In 2007 I left a man who was verbally, emotionally and financially abusive to me, towards the end he was physically aggressive too and I was really scared of him. I planned my escape. I posted bits and pieces to my parents' house. I left with just a rucksack and a buggy. He rumbled me and attacked me as I left, but I picked myself up off the floor and headed off to the airport with bruises on my face and a bloodshot eye but I got away. Weirdly, I've forgiven him and hardly think of him. He still absolutely hates me. He feels like the victim of me.

ManifestingJoy · 03/10/2021 08:22

Great thread Flowers Wine for all

Cazzovuoi · 03/10/2021 08:24

Overcame a horrible childhood, left school with no qualifications and got a degree as an adult. I survived being a single parent working 3 jobs to get by and then built a multimillion Euro business which means none of us ever have to worry about money ever again.

Sometimes I think back to how I was at 16 and I wish I could hug her and tell her that it all comes ok in the end.
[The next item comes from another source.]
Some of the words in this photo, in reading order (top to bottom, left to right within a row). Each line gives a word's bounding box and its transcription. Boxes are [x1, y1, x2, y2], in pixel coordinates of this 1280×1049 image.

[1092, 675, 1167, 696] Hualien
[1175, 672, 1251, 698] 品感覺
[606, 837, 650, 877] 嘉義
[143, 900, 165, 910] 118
ManifestingJoy · 03/10/2021 08:29

@meMaMoMOmo

Leaving a 7 year DV relationship and starting a brand new life for me and my children. They were 2.6 and 8 months old when I left, their nearly 7 and 5 now and are such nice kind empathetic people. I dont think theyd be like that if I had stayed with their dad

When I moved it was so scary, I didnt know a single soul. But I've built a nice life for us now, we have friends who are like family and my kids are so so happy

So proud of myself, I didnt want to leave, it was so scary, but I knew I had to for my kids and not a day goes by where I'm not grateful to my past self for finding the strength to do it

oh wow, similar story, but my dc1 has just got in to a really good university and I'm so proud. NOT just of her but of me too if Im allowed to say that. As a single parent you can read statistics about children from single parent families and third level education and feel a bit demoralised. But it turns out that my dc1 wasn't disadvantaged by us being a single parent family because every time I made a choice about what to spend limited resources on, I thought, will this matter in five years, will this matter in 1 year. So no to the new trainers, yes to the braces. And so on.

You should be proud of yourself, it is NOT easy being a single parent in today's society.

Every day for about three years I got in to bed and thought ''thank god he's not in it, thank goodness i left him''.

I still think of that as the proof i have strength when I need to be reminded.